[Text-to-region grounding data]
####################

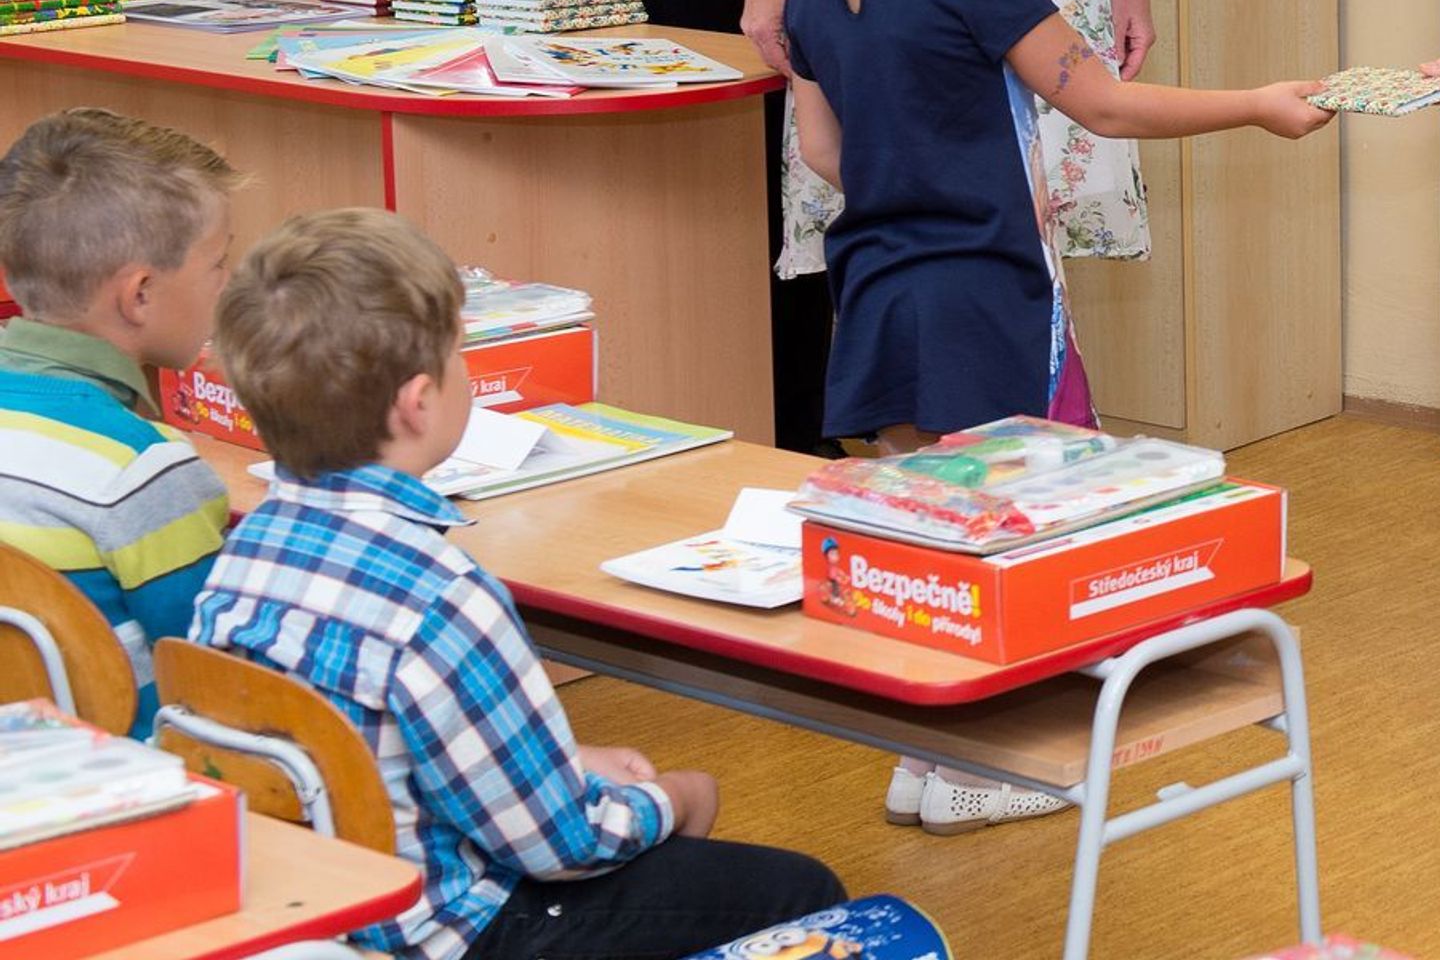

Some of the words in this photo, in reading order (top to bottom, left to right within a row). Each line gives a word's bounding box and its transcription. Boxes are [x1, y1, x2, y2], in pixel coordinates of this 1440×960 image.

[850, 554, 982, 619] Bezpečně!
[1088, 559, 1172, 598] Středočeský
[1173, 550, 1199, 573] kraj
[44, 871, 91, 907] kraj
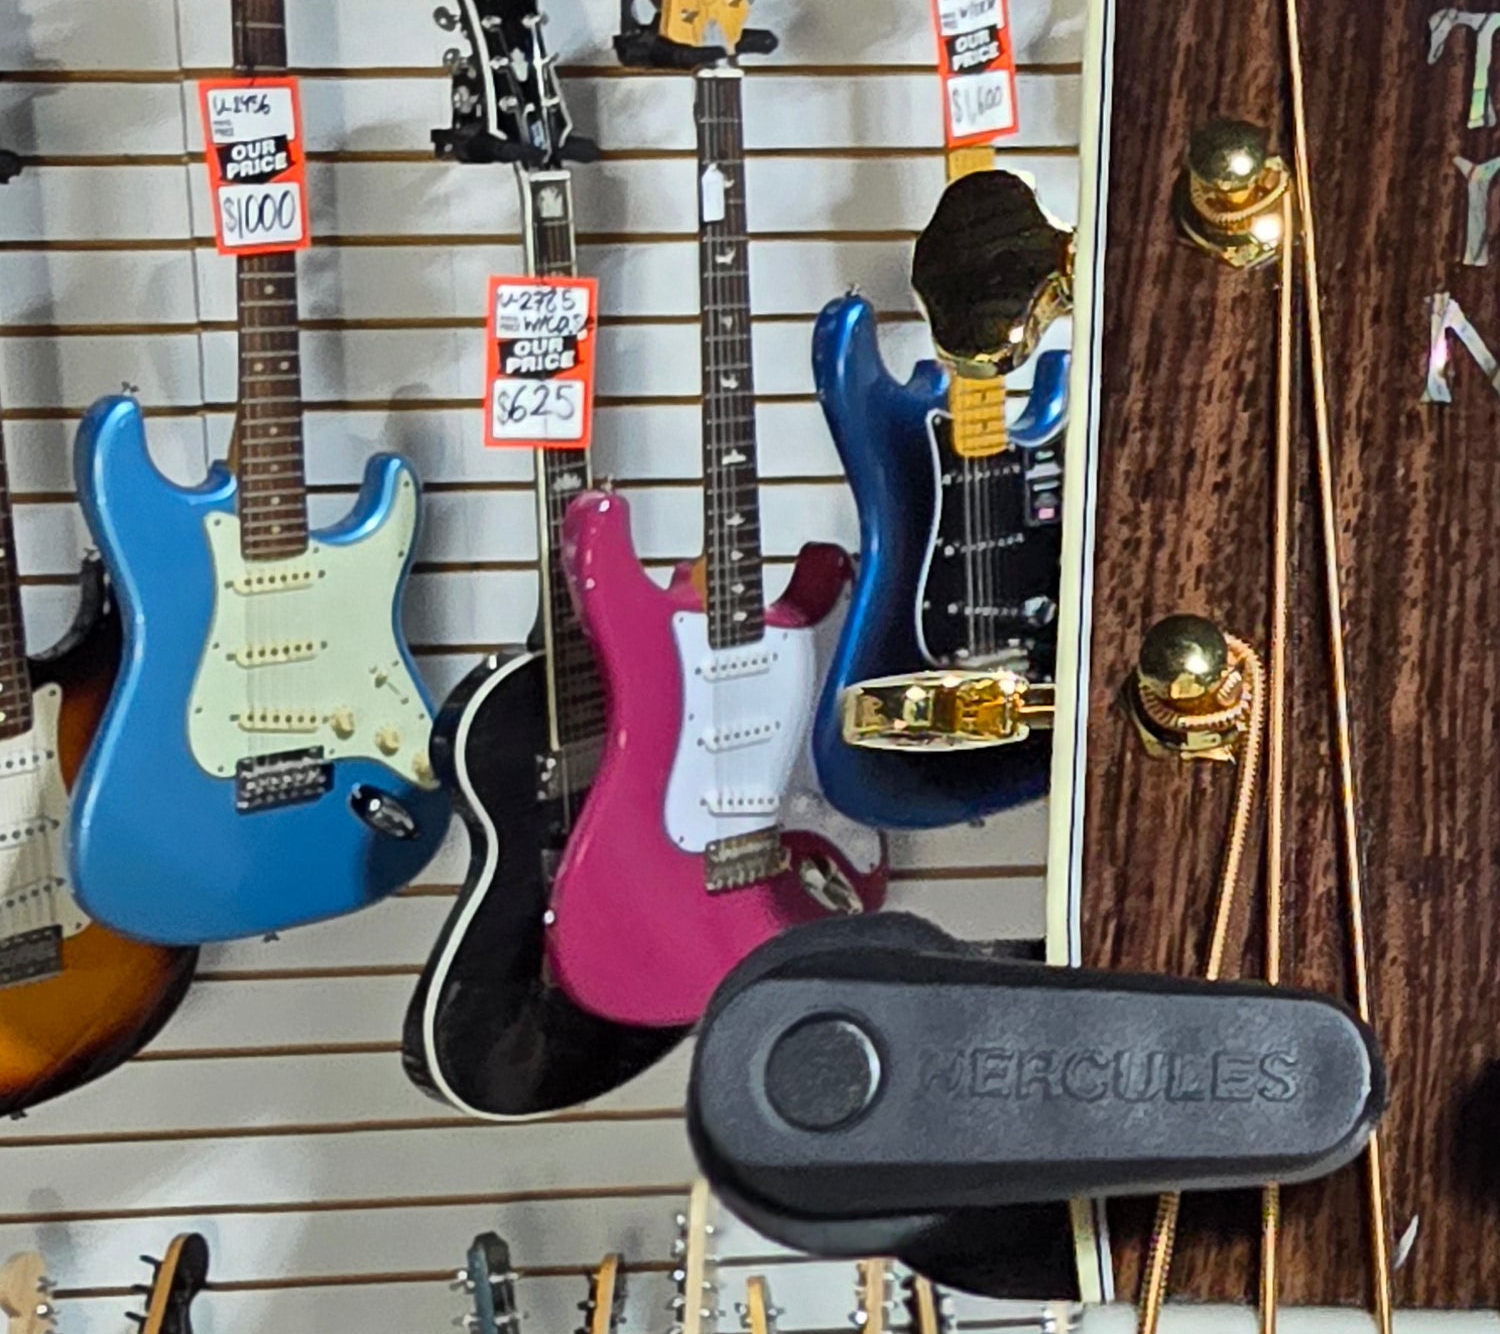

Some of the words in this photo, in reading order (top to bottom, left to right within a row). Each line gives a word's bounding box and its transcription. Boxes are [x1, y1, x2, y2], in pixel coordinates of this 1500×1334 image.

[955, 28, 990, 53] OUR
[952, 40, 1000, 72] PRICE
[231, 139, 276, 161] OUR
[226, 152, 288, 181] PRICE
[224, 190, 296, 238] $1000
[513, 337, 564, 356] OUR
[506, 350, 576, 375] PRICE
[498, 385, 575, 425] $625
[919, 1046, 1300, 1104] HERCULES

####################

Problem: All entries are to be duplicated exactly, with the pictures left out.

Answer to this exercise:
Some of the words in this photo, in reading order (top to bottom, left to right within a row). Each line gives a word's bounding box and its transcription. Boxes are [x1, y1, x2, y2], in pixel coordinates of this 1440×960 image.

[850, 554, 982, 619] Bezpečně!
[1088, 559, 1172, 598] Středočeský
[1173, 550, 1199, 573] kraj
[44, 871, 91, 907] kraj

Some of the words in this photo, in reading order (top to bottom, left to right within a row). Each line gives a word's bounding box and its transcription. Boxes are [x1, y1, x2, y2], in pixel coordinates of this 1500×1334 image.

[955, 28, 990, 53] OUR
[952, 40, 1000, 72] PRICE
[231, 139, 276, 161] OUR
[226, 152, 288, 181] PRICE
[224, 190, 296, 238] $1000
[513, 337, 564, 356] OUR
[506, 350, 576, 375] PRICE
[498, 385, 575, 425] $625
[919, 1046, 1300, 1104] HERCULES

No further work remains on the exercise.